Segment Open
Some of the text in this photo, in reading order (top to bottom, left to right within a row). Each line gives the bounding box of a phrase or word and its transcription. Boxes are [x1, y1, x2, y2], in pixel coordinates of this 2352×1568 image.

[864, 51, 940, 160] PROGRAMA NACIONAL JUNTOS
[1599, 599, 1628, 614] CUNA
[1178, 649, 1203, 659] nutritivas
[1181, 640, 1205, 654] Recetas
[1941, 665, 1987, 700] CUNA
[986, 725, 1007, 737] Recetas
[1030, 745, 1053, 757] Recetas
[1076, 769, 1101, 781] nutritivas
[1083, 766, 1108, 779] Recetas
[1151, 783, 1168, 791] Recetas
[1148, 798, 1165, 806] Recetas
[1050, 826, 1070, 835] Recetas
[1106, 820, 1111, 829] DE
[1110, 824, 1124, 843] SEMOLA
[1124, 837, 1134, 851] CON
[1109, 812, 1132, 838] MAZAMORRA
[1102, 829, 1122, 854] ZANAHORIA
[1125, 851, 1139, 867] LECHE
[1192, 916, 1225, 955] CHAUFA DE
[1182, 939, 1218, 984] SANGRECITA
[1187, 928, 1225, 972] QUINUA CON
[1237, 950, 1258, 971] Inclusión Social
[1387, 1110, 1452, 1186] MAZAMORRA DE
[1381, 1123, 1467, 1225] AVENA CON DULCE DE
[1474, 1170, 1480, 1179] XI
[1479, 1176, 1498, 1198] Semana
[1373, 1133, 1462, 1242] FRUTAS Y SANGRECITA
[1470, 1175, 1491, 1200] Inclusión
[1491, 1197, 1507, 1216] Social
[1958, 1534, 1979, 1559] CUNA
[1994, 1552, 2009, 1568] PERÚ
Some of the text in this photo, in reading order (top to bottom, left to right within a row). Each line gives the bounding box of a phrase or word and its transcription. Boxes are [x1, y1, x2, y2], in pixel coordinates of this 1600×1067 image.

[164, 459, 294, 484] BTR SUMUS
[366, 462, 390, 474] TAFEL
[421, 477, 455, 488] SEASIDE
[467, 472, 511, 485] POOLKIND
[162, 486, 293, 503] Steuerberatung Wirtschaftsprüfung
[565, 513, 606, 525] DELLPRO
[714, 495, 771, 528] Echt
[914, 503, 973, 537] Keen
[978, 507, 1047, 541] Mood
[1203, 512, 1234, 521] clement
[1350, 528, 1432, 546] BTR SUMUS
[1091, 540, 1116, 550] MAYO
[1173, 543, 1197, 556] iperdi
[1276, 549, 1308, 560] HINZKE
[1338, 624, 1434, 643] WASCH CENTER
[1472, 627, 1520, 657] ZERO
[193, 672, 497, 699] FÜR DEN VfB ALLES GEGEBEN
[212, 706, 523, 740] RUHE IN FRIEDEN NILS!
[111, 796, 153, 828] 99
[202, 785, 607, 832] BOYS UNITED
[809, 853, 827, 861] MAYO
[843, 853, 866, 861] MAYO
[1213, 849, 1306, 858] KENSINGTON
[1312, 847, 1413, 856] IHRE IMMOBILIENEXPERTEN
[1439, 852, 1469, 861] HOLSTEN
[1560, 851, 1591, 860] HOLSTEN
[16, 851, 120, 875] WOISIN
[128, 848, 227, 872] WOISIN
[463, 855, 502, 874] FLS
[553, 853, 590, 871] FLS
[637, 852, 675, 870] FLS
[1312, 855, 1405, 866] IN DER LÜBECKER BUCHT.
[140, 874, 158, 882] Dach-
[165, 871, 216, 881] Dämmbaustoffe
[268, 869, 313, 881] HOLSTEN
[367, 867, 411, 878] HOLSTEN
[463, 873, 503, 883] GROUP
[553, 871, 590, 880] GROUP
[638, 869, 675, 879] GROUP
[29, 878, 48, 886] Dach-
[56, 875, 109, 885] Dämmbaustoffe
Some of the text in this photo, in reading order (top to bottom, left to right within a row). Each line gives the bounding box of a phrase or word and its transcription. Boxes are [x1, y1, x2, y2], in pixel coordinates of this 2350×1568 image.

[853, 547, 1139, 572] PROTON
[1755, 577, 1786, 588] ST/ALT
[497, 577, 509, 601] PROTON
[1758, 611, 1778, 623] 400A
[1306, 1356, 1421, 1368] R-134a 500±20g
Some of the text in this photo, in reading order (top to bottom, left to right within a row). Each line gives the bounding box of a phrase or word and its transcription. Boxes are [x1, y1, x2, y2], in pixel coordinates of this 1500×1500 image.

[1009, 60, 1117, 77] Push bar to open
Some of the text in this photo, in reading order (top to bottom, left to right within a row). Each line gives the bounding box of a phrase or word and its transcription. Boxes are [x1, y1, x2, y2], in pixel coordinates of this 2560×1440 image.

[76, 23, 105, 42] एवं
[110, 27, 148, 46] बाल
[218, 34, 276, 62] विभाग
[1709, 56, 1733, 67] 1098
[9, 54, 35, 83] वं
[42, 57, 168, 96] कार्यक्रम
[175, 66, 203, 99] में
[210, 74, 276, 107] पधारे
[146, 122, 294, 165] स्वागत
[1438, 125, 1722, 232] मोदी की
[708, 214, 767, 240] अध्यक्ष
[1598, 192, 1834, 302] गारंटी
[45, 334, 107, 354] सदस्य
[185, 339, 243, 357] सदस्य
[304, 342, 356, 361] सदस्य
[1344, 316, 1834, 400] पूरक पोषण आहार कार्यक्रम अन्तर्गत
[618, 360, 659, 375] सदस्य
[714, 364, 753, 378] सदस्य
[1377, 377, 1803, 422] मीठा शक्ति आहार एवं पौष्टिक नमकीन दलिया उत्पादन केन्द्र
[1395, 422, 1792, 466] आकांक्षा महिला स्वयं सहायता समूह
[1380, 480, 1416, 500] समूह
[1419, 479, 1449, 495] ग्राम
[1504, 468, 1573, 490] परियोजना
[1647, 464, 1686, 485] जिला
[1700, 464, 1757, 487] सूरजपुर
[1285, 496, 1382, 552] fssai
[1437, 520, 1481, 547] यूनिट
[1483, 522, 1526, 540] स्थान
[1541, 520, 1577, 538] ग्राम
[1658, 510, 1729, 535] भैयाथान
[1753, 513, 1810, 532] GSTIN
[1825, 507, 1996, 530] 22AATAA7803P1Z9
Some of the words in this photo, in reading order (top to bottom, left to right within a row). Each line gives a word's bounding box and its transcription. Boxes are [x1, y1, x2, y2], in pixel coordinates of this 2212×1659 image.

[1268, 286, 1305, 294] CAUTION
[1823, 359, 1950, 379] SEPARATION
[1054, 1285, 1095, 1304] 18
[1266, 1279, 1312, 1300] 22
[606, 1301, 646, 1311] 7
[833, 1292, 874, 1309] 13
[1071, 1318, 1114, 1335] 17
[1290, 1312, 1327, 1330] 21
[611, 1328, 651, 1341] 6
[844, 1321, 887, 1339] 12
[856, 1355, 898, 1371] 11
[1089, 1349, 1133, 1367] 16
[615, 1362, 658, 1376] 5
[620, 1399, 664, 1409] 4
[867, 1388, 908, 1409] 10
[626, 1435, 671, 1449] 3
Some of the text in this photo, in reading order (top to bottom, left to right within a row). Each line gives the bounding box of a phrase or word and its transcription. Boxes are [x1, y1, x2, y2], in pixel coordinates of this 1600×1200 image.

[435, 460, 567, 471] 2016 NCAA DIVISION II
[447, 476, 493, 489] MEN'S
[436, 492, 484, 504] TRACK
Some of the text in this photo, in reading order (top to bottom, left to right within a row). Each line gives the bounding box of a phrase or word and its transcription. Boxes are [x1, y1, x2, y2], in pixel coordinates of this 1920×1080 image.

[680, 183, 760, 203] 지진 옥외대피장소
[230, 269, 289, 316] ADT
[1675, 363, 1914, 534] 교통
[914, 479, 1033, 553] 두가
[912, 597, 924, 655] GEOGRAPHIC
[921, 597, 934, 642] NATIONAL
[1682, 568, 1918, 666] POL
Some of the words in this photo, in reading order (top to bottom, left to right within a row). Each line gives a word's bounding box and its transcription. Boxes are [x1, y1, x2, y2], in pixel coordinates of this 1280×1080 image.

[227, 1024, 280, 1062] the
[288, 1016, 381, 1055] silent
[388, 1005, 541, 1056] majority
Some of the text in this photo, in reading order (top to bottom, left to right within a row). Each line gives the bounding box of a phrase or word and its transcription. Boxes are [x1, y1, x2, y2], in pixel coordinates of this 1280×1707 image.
Segment Closed
● EXERCISE
Write out once more the lines above beginning at the line with "this 1920×1080 image."; continue through the final line and stop there.

● RESULT FOR THIS EXERCISE
Some of the text in this photo, in reading order (top to bottom, left to right within a row). Each line gives the bounding box of a phrase or word and its transcription. Boxes are [x1, y1, x2, y2], in pixel coordinates of this 1920×1080 image.

[680, 183, 760, 203] 지진 옥외대피장소
[230, 269, 289, 316] ADT
[1675, 363, 1914, 534] 교통
[914, 479, 1033, 553] 두가
[912, 597, 924, 655] GEOGRAPHIC
[921, 597, 934, 642] NATIONAL
[1682, 568, 1918, 666] POL
Some of the words in this photo, in reading order (top to bottom, left to right within a row). Each line gives a word's bounding box and its transcription. Boxes are [x1, y1, x2, y2], in pixel coordinates of this 1280×1080 image.

[227, 1024, 280, 1062] the
[288, 1016, 381, 1055] silent
[388, 1005, 541, 1056] majority
Some of the text in this photo, in reading order (top to bottom, left to right within a row). Each line gives the bounding box of a phrase or word and its transcription. Boxes are [x1, y1, x2, y2], in pixel coordinates of this 1280×1707 image.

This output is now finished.